By Patrice Kennard, Senior Risk Consultant, Client Development and Intake Group, Wilson Allen
and Mike Madden, Senior Business Consultant, Client Development and Intake Group, Wilson Allen
Connection, Communication, and Exchange of Perspectives
What do law firm management and client leaders consider to be the most effective conflicts and risk policies, practices, and priorities? We sought to answer that question during a recent panel session Wilson Allen hosted that brought together conflicts and risk experts from both sides of the client and law firm equation.

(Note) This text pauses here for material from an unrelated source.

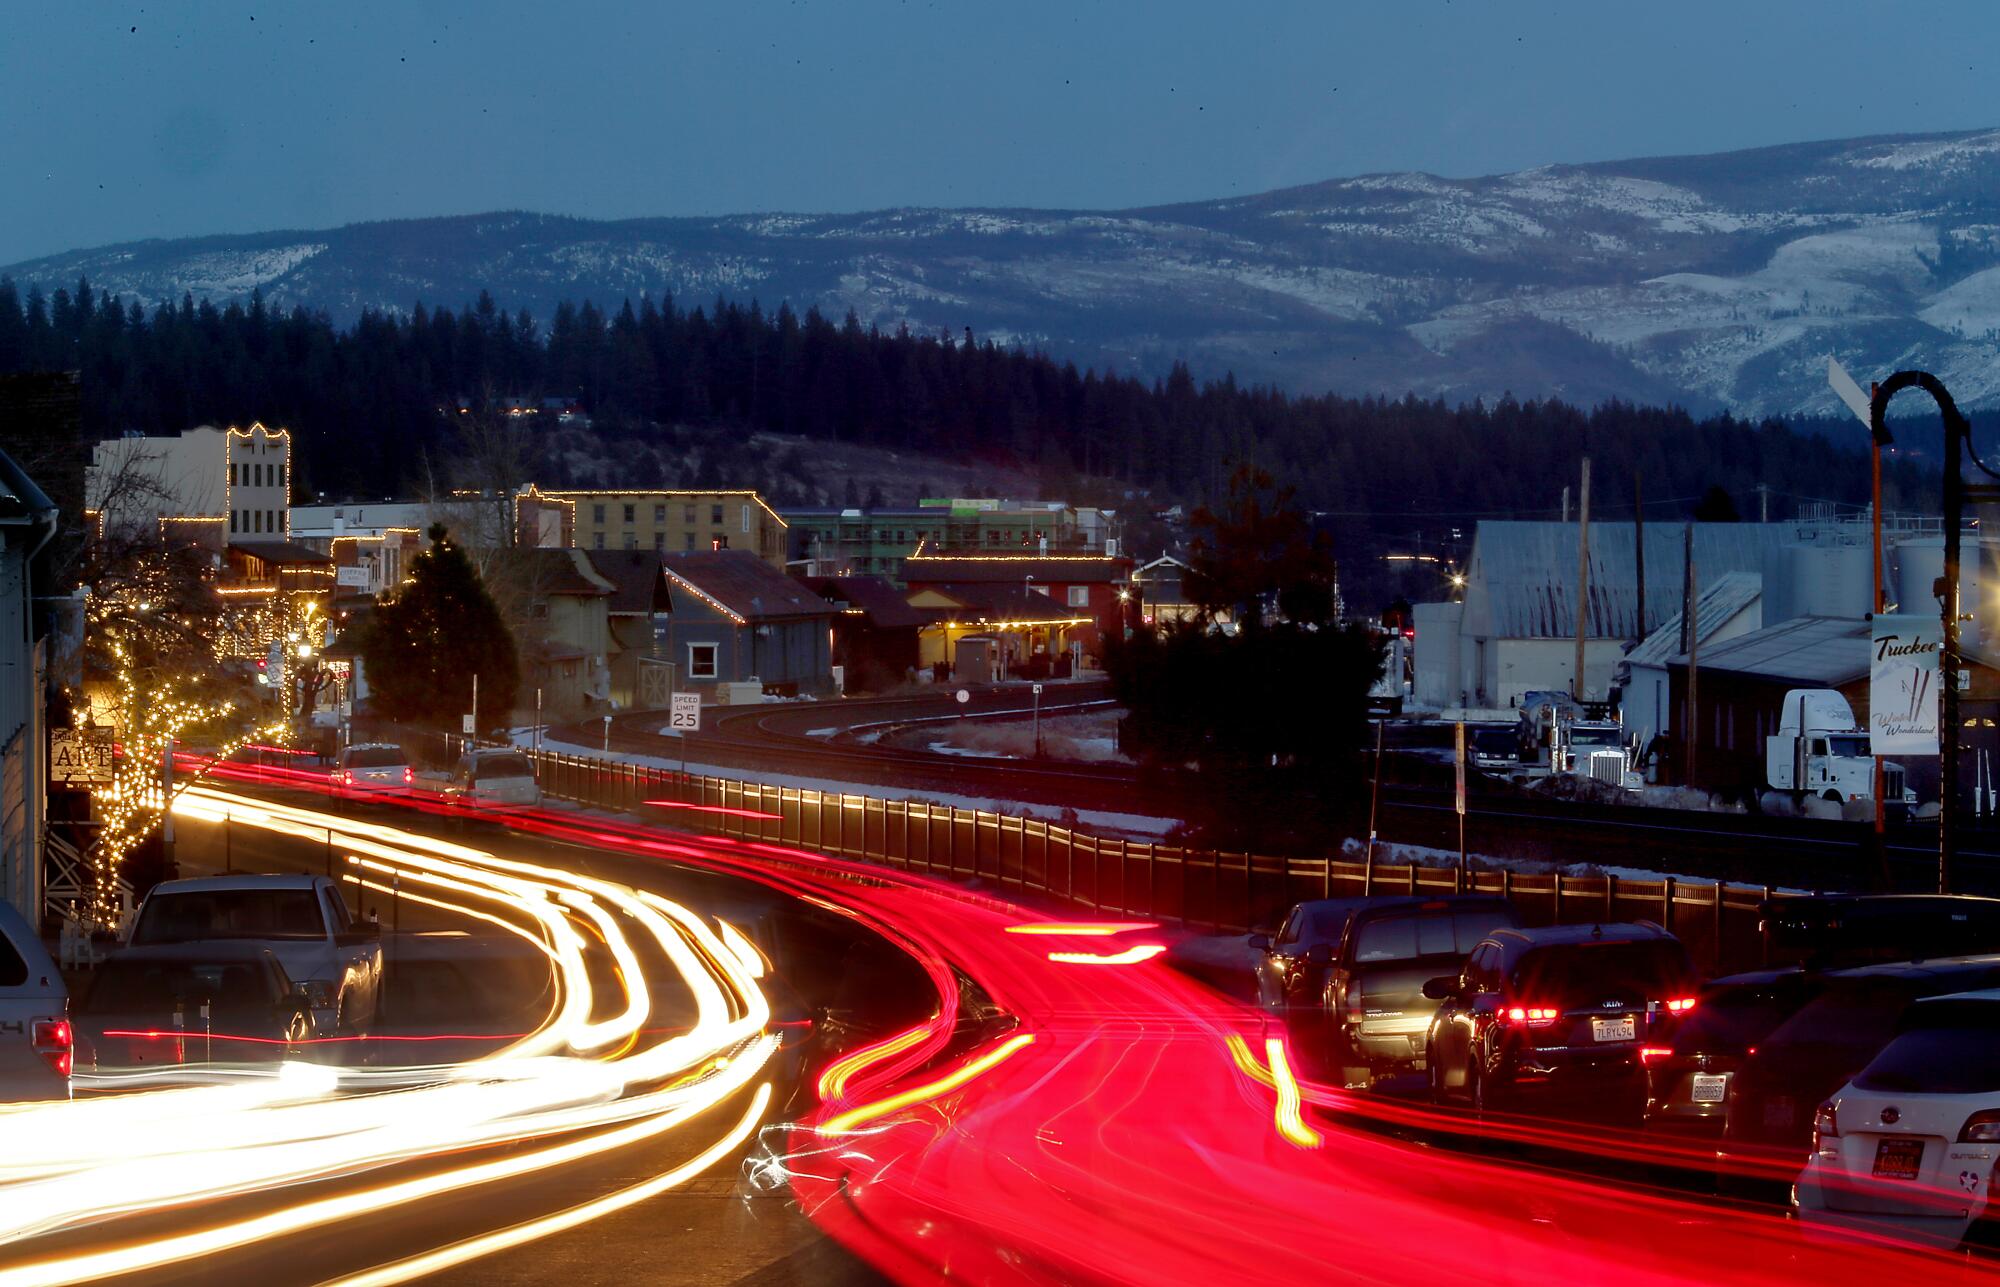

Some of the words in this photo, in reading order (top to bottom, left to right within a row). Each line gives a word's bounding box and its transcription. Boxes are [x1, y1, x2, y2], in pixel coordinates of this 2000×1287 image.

[1874, 635, 1938, 661] Truckee
[673, 713, 696, 727] 25
[1881, 725, 1936, 736] Wonderland
[1596, 1026, 1632, 1039] 7LRY494

The panel featured Michael Misiewicz, Vice President and Assistant General Counsel and Global Head of Legal Ethics & Professional Responsibility at JPMorgan Chase. Mike Madden, Senior Business Consultant, and Patrice Kennard, Senior Risk Consultant, both with significant prior law firm experience, represented Wilson Allen’s Client Development and Intake Group on the panel, which was moderated by Dan Bressler, a prolific conflicts and risk blog writer. Attendees included general counsel and conflicts and risk professionals from firms of all sizes.
As the discussion commenced, law firms’ evolving degrees of centralization and implications for reviewers’ management of conflicts and risk became the common thread. Here are some highlights from the session:
Law firm policies, practices, and priorities
Misiewicz shared that, with conflicts waiver requests being only one of many things on his plate on any given day, he’s looking for law firms to make his client experience as easy as possible. How? Consistency – especially in the procedural aspects of waiver requests:
- Designated Contacts – less is more; your client’s work is easier with a regular point of contact
- Communications – it is helpful for your client to be speaking with someone fluent in conflicts
- Format – follow the terms enumerated in your client’s services agreement
Not surprisingly, law firms’ uniformity with these operational procedures helps clients turn around waiver requests more quickly. Likewise, the “messiest” requests sometimes go to the bottom of the list because of the extra time and analysis required. The reality is that conflicts waiver requests are not intuitive. Firms without transparent end-to-end processes cannot expect all of its lawyers to know how to make their waiver requests smoother for both the client and the law firm. Some sort of centralization or consistency is important, and the pattern of a law firm’s requests reveals whether there is some level of centralization at its firm and to what degree.
Addressing the complexity of conflicts
In addition to other changes, COVID has influenced the types of matters law firms are taking on. One example is an uptick in pre-bankruptcy work – like distressed loans or restructuring – matters in which a waiver may be required if a law firm’s client has an interest, and another of the law firm’s clients seeks representation.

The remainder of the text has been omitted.